----- EXTRACTED RECORDS -----
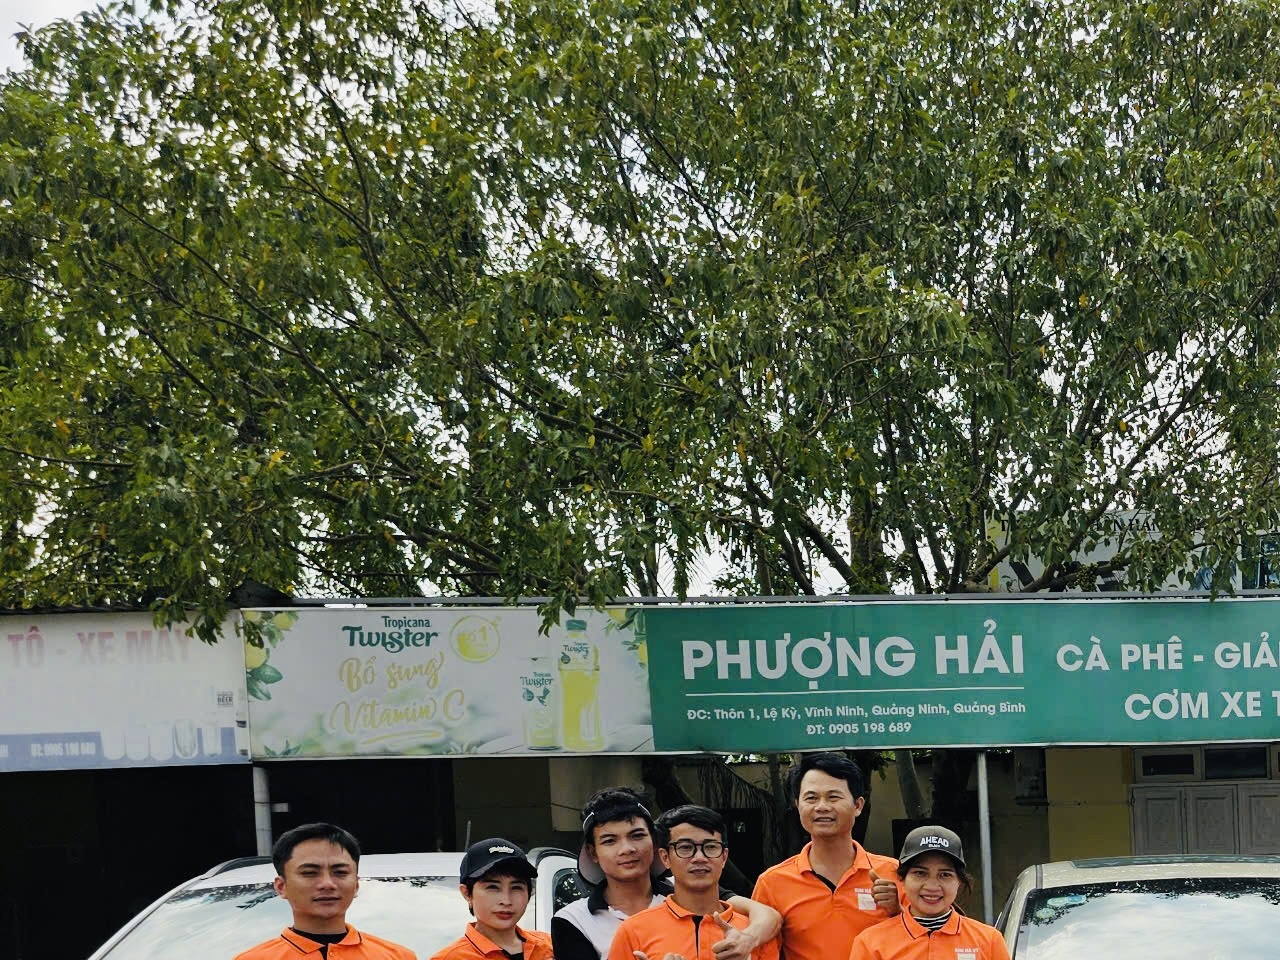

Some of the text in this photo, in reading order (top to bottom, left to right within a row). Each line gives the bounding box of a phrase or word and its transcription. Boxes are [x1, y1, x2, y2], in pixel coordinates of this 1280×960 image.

[381, 616, 431, 629] Tropicana
[342, 625, 439, 653] Twister
[1056, 635, 1110, 672] CÀ
[1121, 635, 1183, 670] PHÊ
[682, 619, 1024, 690] PHƯỢNG HẢI
[386, 651, 445, 689] sung
[329, 689, 465, 735] Vitamin C
[687, 709, 711, 720] ĐC:
[714, 708, 744, 720] Thôn
[749, 708, 760, 720] 1,
[764, 708, 778, 721] Lệ
[782, 706, 801, 720] Kỳ,
[836, 705, 868, 718] Ninh,
[872, 703, 915, 718] Quảng
[918, 704, 950, 716] Ninh,
[953, 701, 996, 716] Quảng
[1000, 701, 1025, 713] Bình
[1124, 690, 1209, 721] CƠM
[1220, 691, 1261, 718] XE
[807, 722, 912, 735] ĐT: 0905 198 689
[920, 835, 949, 848] AHEAD
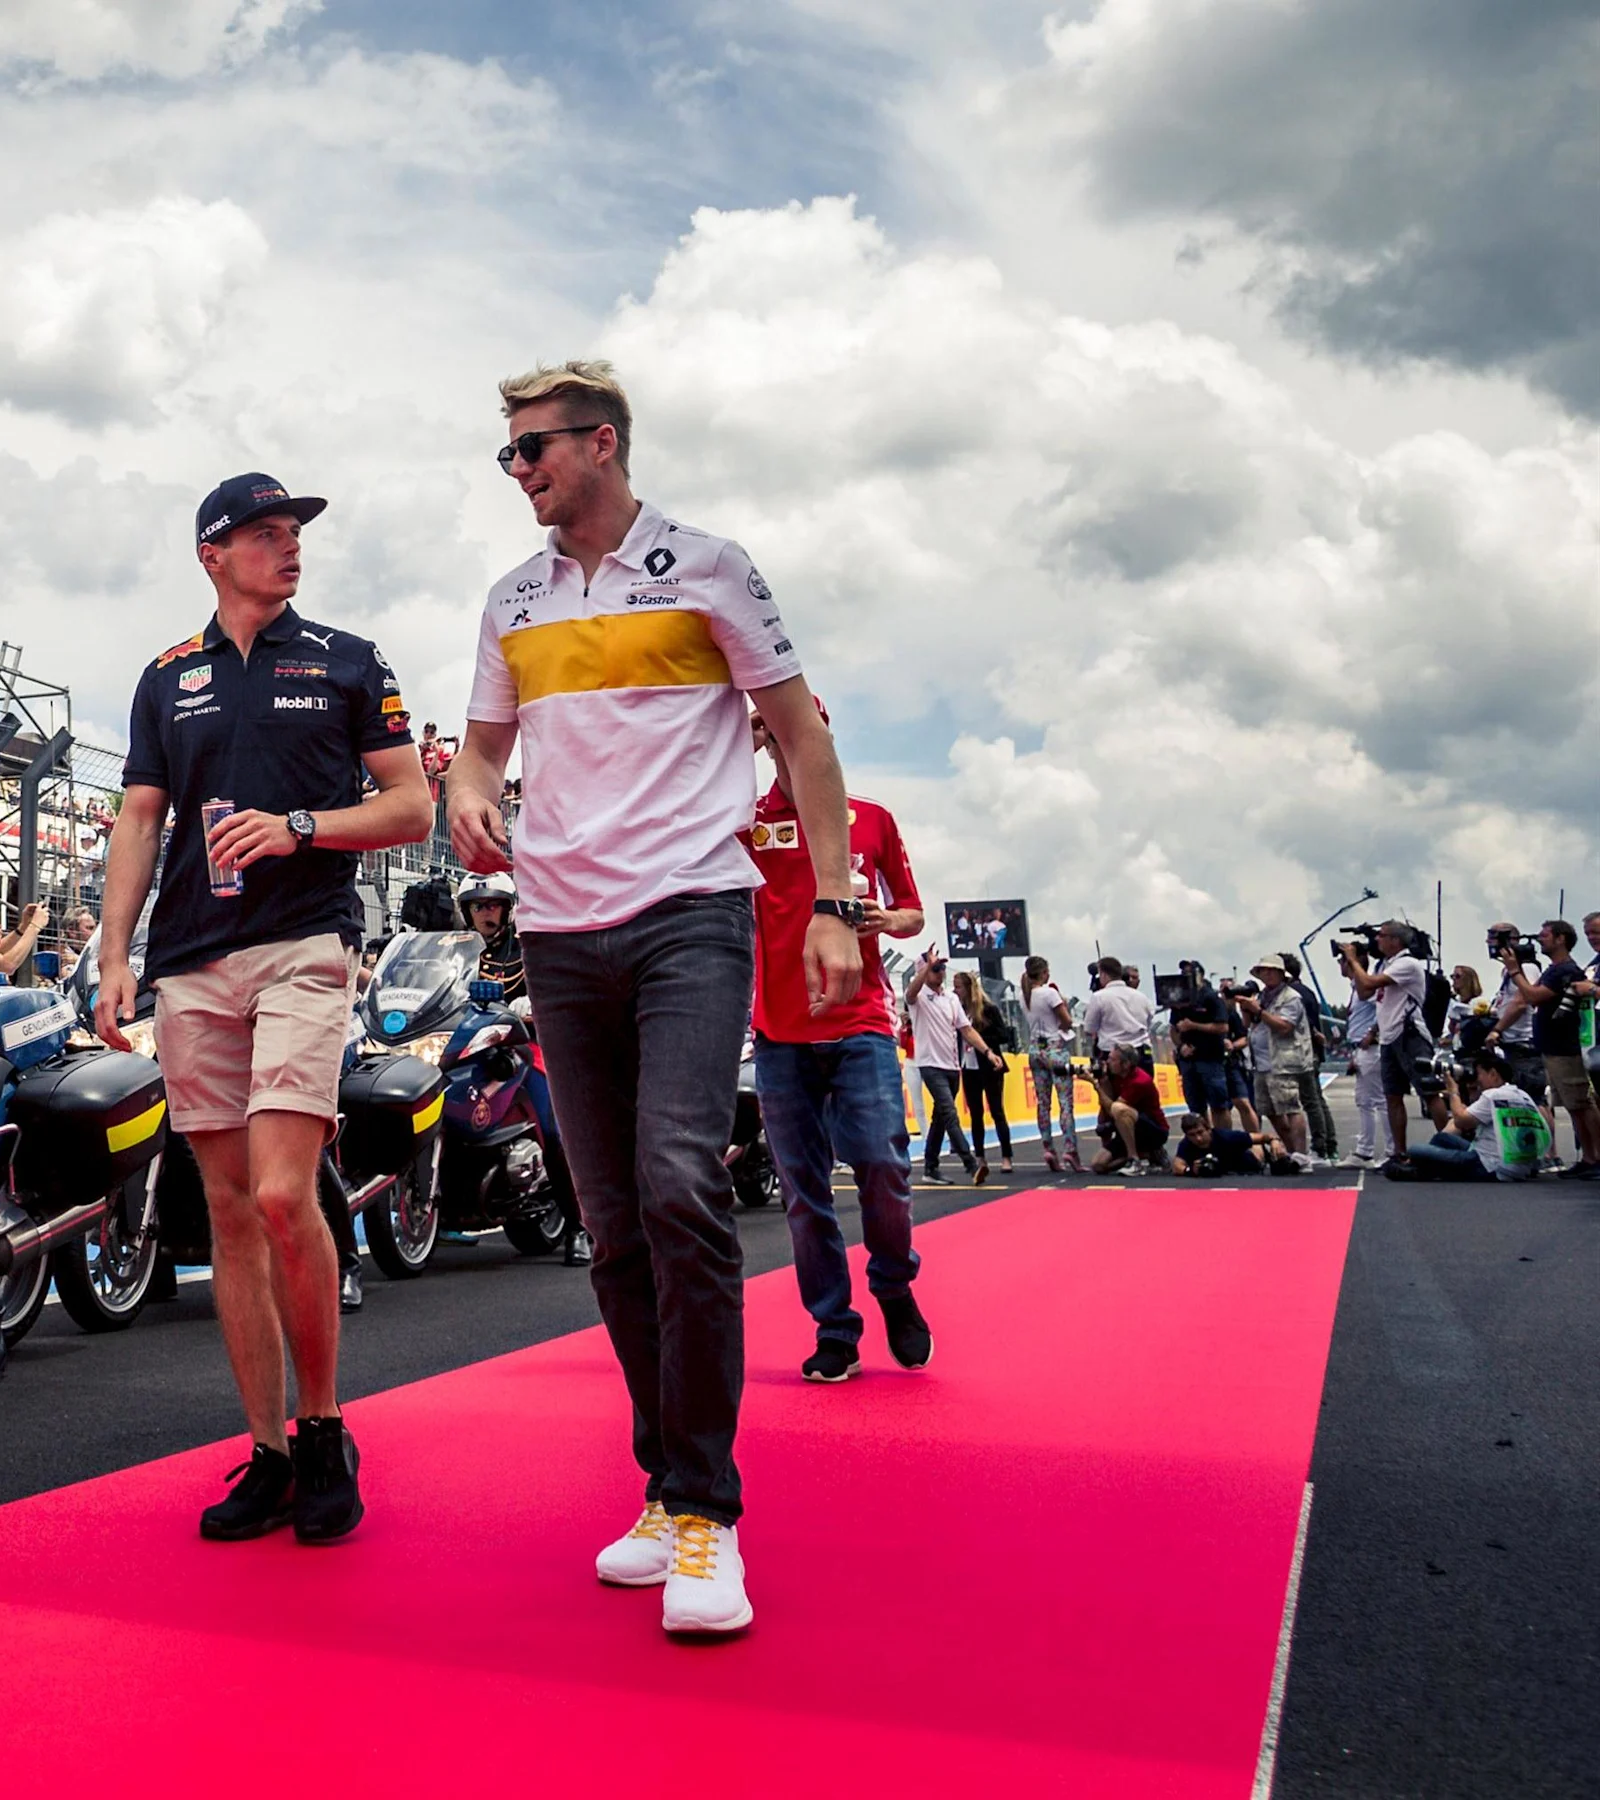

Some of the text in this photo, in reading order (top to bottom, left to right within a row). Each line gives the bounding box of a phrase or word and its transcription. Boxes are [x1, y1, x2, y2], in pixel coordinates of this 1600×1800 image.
-----
All entries must be output exactly as they stand, and every picture must be left out.

## SOLUTION TO THIS EXERCISE
Some of the text in this photo, in reading order (top to bottom, left to right within a row). Each line gives the bounding box of a phrase or word and its transcription. Boxes are [x1, y1, x2, y2], in pixel coordinates of this 1280×960 image.

[381, 616, 431, 629] Tropicana
[342, 625, 439, 653] Twister
[1056, 635, 1110, 672] CÀ
[1121, 635, 1183, 670] PHÊ
[682, 619, 1024, 690] PHƯỢNG HẢI
[386, 651, 445, 689] sung
[329, 689, 465, 735] Vitamin C
[687, 709, 711, 720] ĐC:
[714, 708, 744, 720] Thôn
[749, 708, 760, 720] 1,
[764, 708, 778, 721] Lệ
[782, 706, 801, 720] Kỳ,
[836, 705, 868, 718] Ninh,
[872, 703, 915, 718] Quảng
[918, 704, 950, 716] Ninh,
[953, 701, 996, 716] Quảng
[1000, 701, 1025, 713] Bình
[1124, 690, 1209, 721] CƠM
[1220, 691, 1261, 718] XE
[807, 722, 912, 735] ĐT: 0905 198 689
[920, 835, 949, 848] AHEAD

Some of the text in this photo, in reading order (top to bottom, left to right within a row). Each line gives the bounding box of a phrase or word and its transcription. Boxes are [x1, y1, x2, y2], in pixel coordinates of this 1600×1800 image.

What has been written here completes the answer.